I: WON the Presidential Proclamation is unconstitutional

R: The court held that the Constitution grants the President the power to call the AFP to suppress lawless violence and during times of calamity being the Commander-in-Chief of the armed forces. However, the provision asserting her power to issue decrees, direct AFP to enforce obedience to ALL laws she promulgate, impose standard of media and other forms of restraints against the press are unconstitutional, all of which is the exercise of the legislative department.
 
JUDGESLAWYERS
“fiduciary relationship between lawyers and clients”

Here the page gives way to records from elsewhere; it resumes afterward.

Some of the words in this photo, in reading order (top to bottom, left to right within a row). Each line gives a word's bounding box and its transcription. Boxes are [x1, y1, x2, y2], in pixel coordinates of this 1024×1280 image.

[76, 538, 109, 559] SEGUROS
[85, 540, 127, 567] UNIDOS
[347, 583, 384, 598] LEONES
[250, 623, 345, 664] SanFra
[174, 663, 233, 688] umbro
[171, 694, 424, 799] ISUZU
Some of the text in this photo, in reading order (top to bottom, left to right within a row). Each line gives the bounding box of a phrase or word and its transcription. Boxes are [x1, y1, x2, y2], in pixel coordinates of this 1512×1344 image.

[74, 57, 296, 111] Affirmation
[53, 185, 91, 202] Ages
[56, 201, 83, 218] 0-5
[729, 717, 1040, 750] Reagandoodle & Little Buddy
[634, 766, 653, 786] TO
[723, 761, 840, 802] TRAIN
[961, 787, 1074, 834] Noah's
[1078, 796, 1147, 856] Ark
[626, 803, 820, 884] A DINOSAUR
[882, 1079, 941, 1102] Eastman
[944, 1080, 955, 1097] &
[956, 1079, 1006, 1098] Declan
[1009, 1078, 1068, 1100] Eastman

Regala v Sandiganbayan   GR. No. 105938  9.20.96

F: Corporation clients of petitioner consulted them regarding corporate structure and financial matters upon which legal advice were given by petitioners. Said corporation is subject to investigation by the PCGG involving ill gotten wealth. Petitioner refuses to provide information on fear that it may implicate them in the very activity from which legal advice was sought from them and it may breach the fiduciary relationship of the petitioner with their client.

I: WON fiduciary duty may be asserted by petitioner on refusal to disclose names of their clients (privilege information)

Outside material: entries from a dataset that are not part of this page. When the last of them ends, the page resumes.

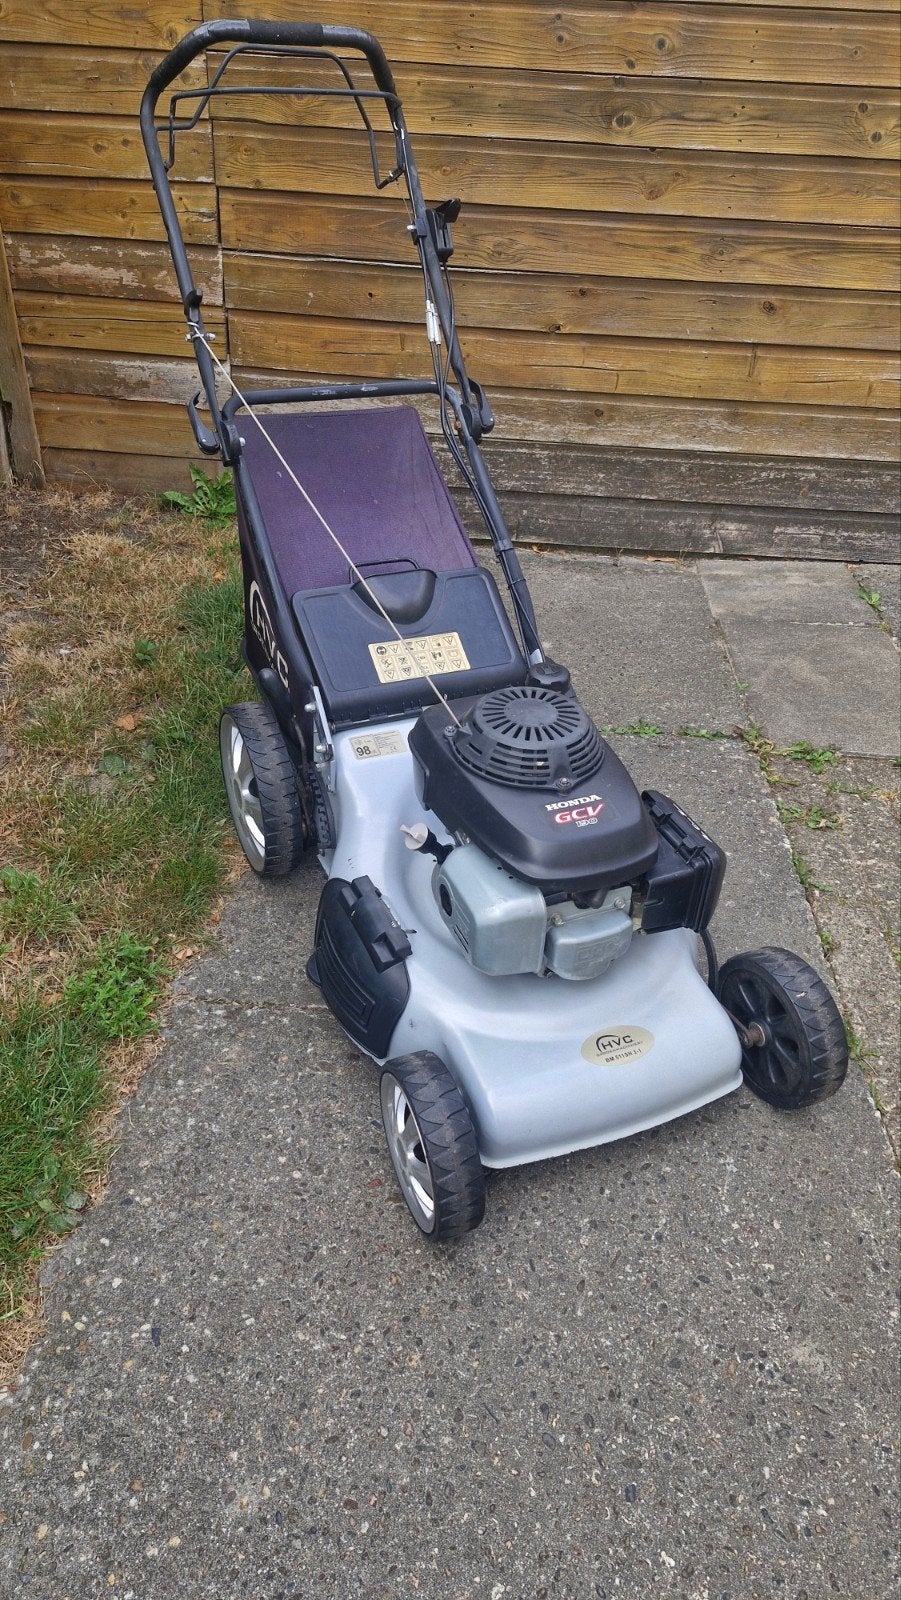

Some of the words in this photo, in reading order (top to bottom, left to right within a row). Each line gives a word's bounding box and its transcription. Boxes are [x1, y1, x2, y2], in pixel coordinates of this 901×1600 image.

[255, 599, 289, 688] HVC
[356, 745, 371, 757] 98
[545, 794, 603, 811] HONDA
[554, 803, 606, 824] GCV
[600, 1034, 633, 1050] HVC

R: SC upheld the right of petitioners to refuse disclosure of names of their clients under the pain of breach of fiduciary relationship with their client.

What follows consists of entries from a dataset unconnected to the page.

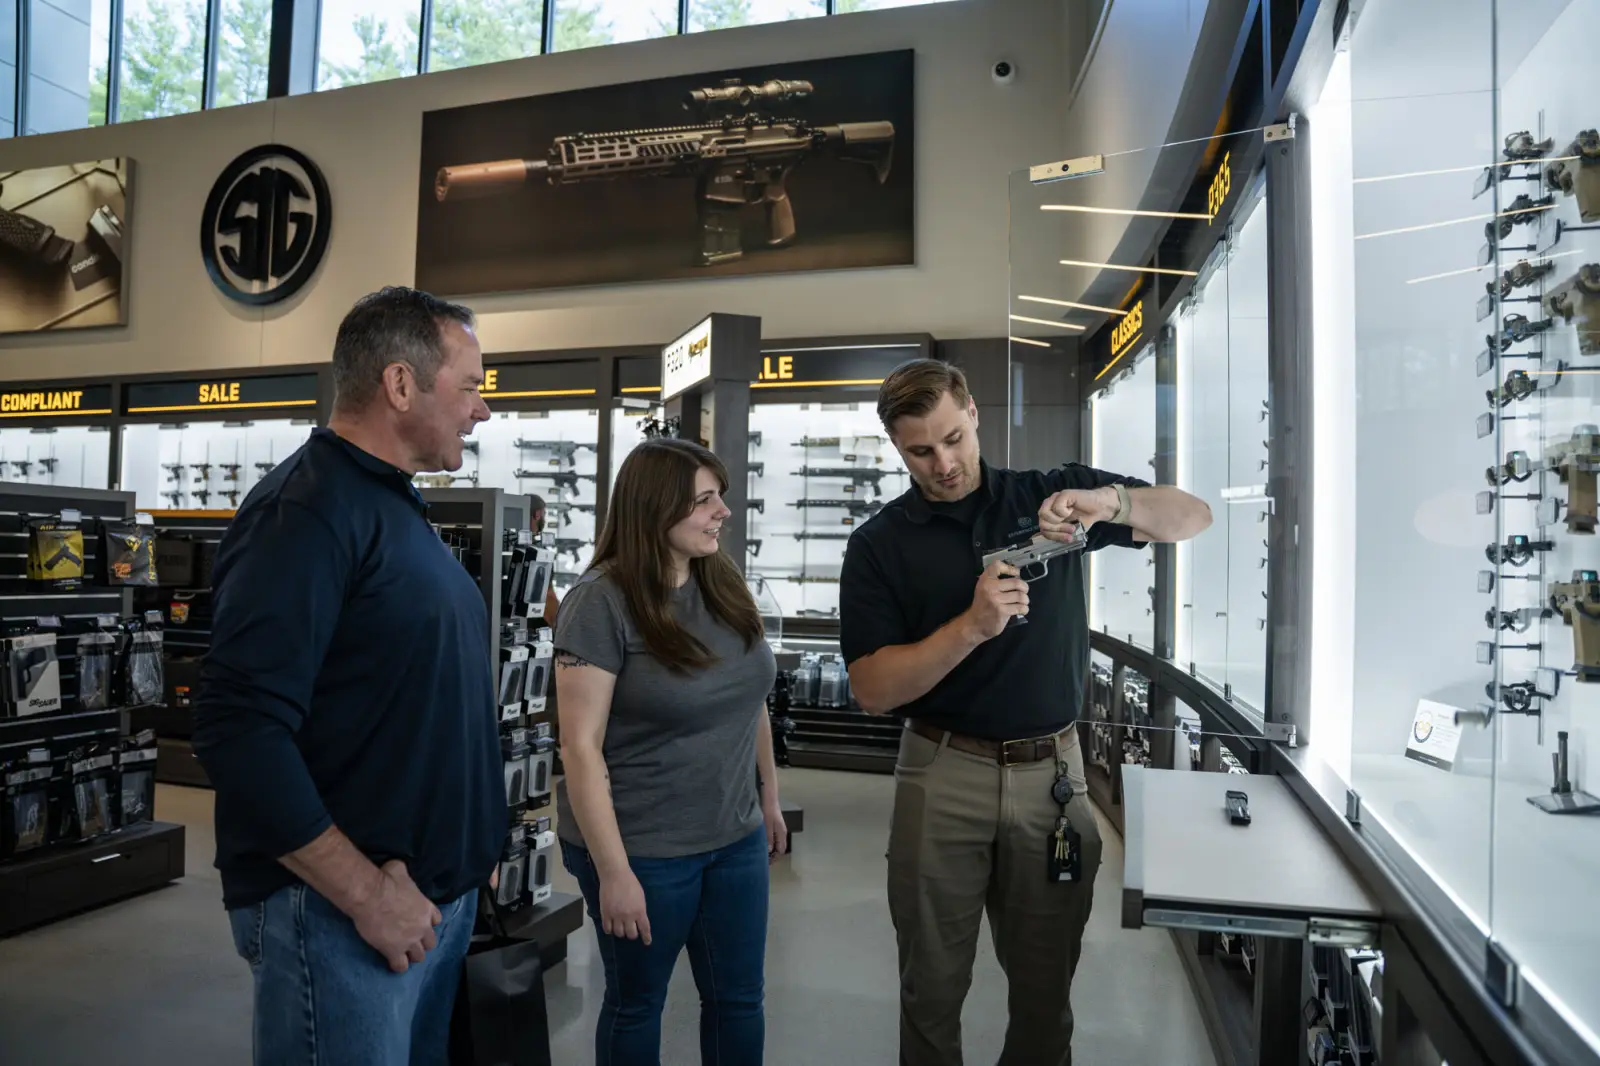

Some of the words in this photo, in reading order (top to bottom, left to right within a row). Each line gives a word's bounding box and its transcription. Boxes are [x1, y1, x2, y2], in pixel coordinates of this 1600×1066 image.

[1208, 151, 1231, 226] P365
[1111, 300, 1143, 355] CLASSICS
[759, 356, 793, 379] LE
[1, 391, 82, 411] COMPLIANT
[199, 383, 240, 403] SALE

As a general rule, a lawyer MAY NOT INVOKE THE PRIVILEGE BECAUSE:

  1. The court has the right to know that the client whose privilege is sought to be protected is flesh and blood.
  2. Privilege begins to exist only after the atty-client relationship has been established.
  3. Privilege generally pertains to be the subject matter of the relationship.
  4. With due process consideration, the opposing party should know his adversary.
EXCEPTION: LAWYERS MAY INVOKE THE PRIVILEGE WHEN:
  1. Strong probability exists that revealing the client’s name would implicate the client in the very activity for which he sought the lawyer’s advice.
  2. Disclosure would open to civil liability of client. (present in this case)
  3. Government lawyers have no case against the lawyer’s client unless by revealing the client’s name it would provide them the only link that would form the chain of testimony necessary to convict an individual of a crime. (present in this case)
  4. Relevant to the subject matter of the legal problem on which client seeks legal assistance. (present in this case)
  5. Nature of atty-client relationship has been previously disclosed and it is the identity which is intended to be confidential.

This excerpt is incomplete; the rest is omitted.